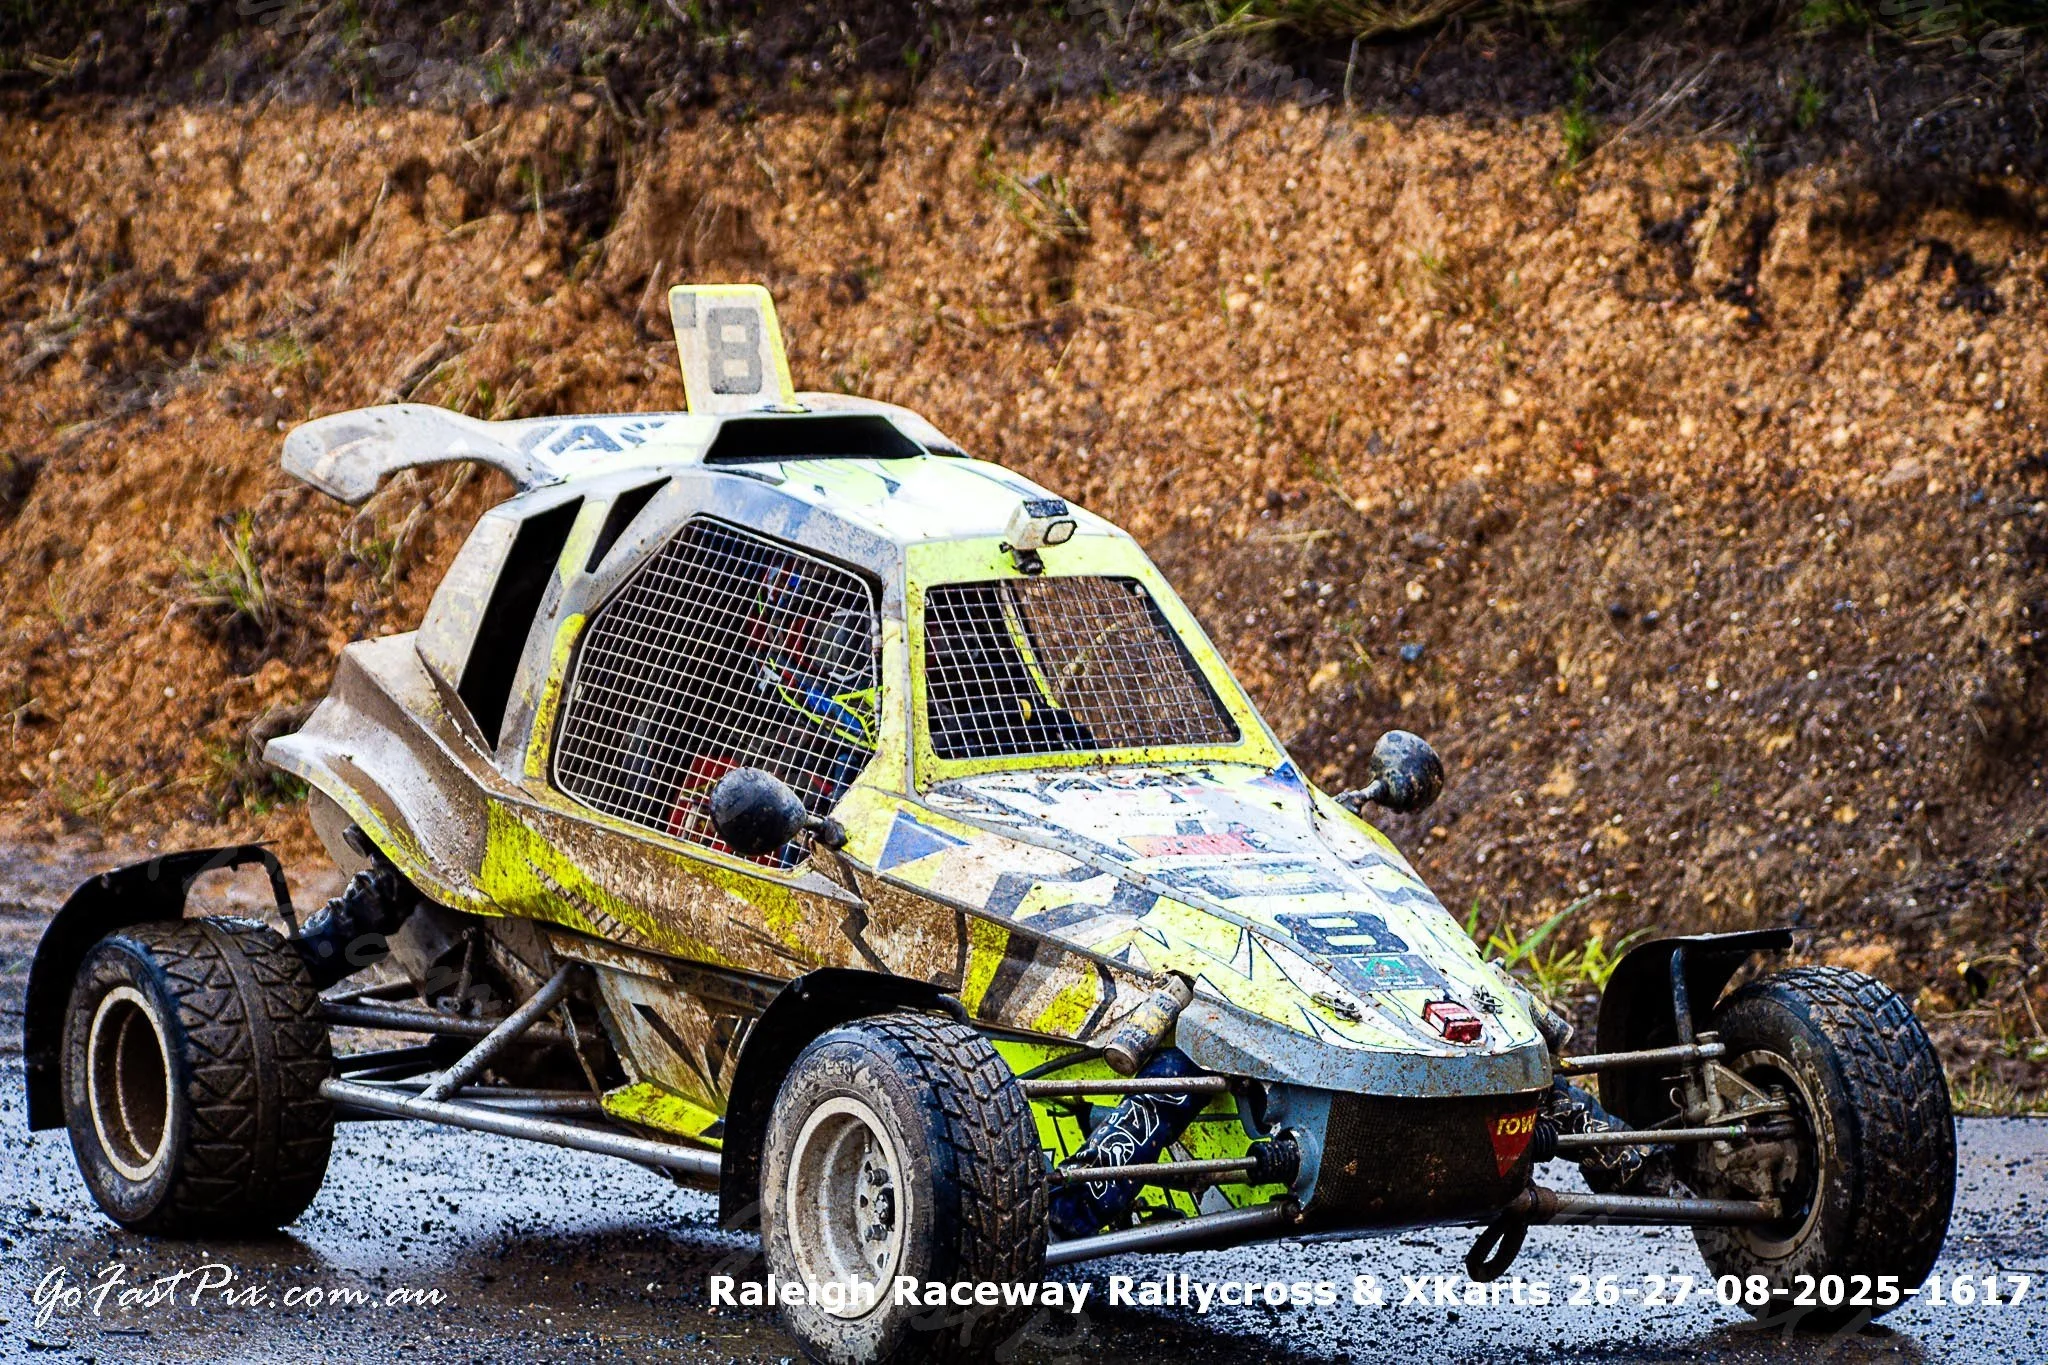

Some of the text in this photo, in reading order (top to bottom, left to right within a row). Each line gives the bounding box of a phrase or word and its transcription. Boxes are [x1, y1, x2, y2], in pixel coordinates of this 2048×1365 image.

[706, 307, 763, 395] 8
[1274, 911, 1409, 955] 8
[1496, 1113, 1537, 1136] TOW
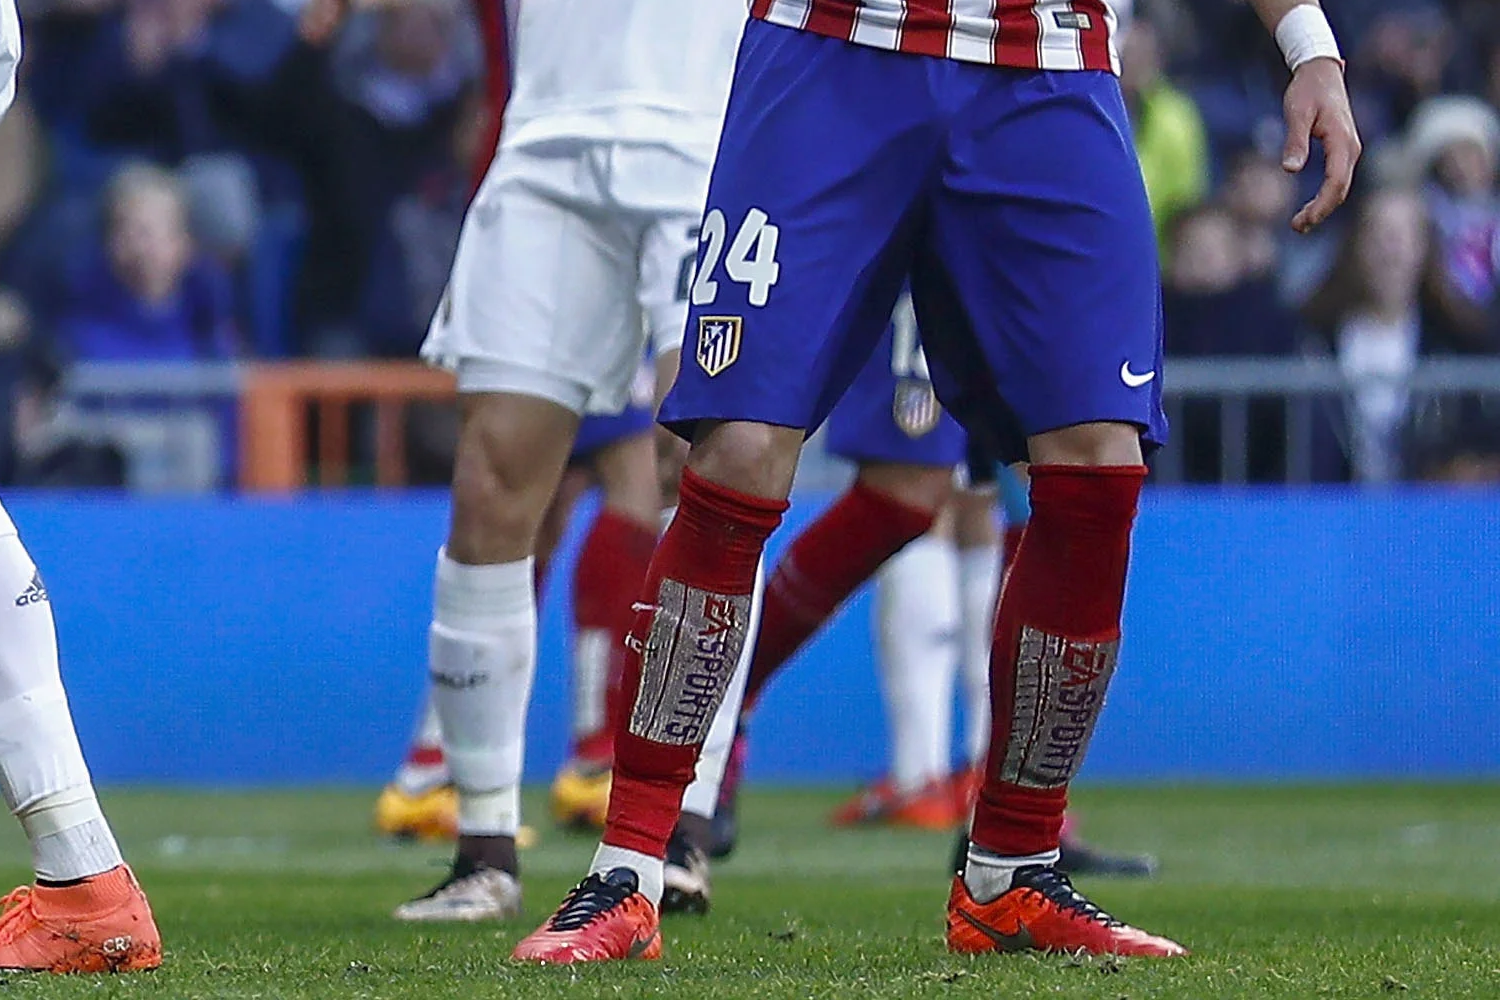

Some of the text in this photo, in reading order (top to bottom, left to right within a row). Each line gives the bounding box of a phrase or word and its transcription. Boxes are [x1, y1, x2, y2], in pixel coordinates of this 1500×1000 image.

• HOW TO COMPLETE THIS TASK:
The data should be printed again unchanged; leave its pictures out.

• EXPECTED ANSWER:
Some of the text in this photo, in reading order (top to bottom, left to right within a row). Each line gives the bounding box of a phrase or word and its transcription. Boxes are [x1, y1, x2, y2], in pixel coordinates of this 2048×1365 image.

[706, 307, 763, 395] 8
[1274, 911, 1409, 955] 8
[1496, 1113, 1537, 1136] TOW

Some of the text in this photo, in reading order (top to bottom, left to right within a row). Each line gives the bounding box of a phrase or word and its transcription. Boxes are [x1, y1, x2, y2], in pixel coordinates of this 1500×1000 image.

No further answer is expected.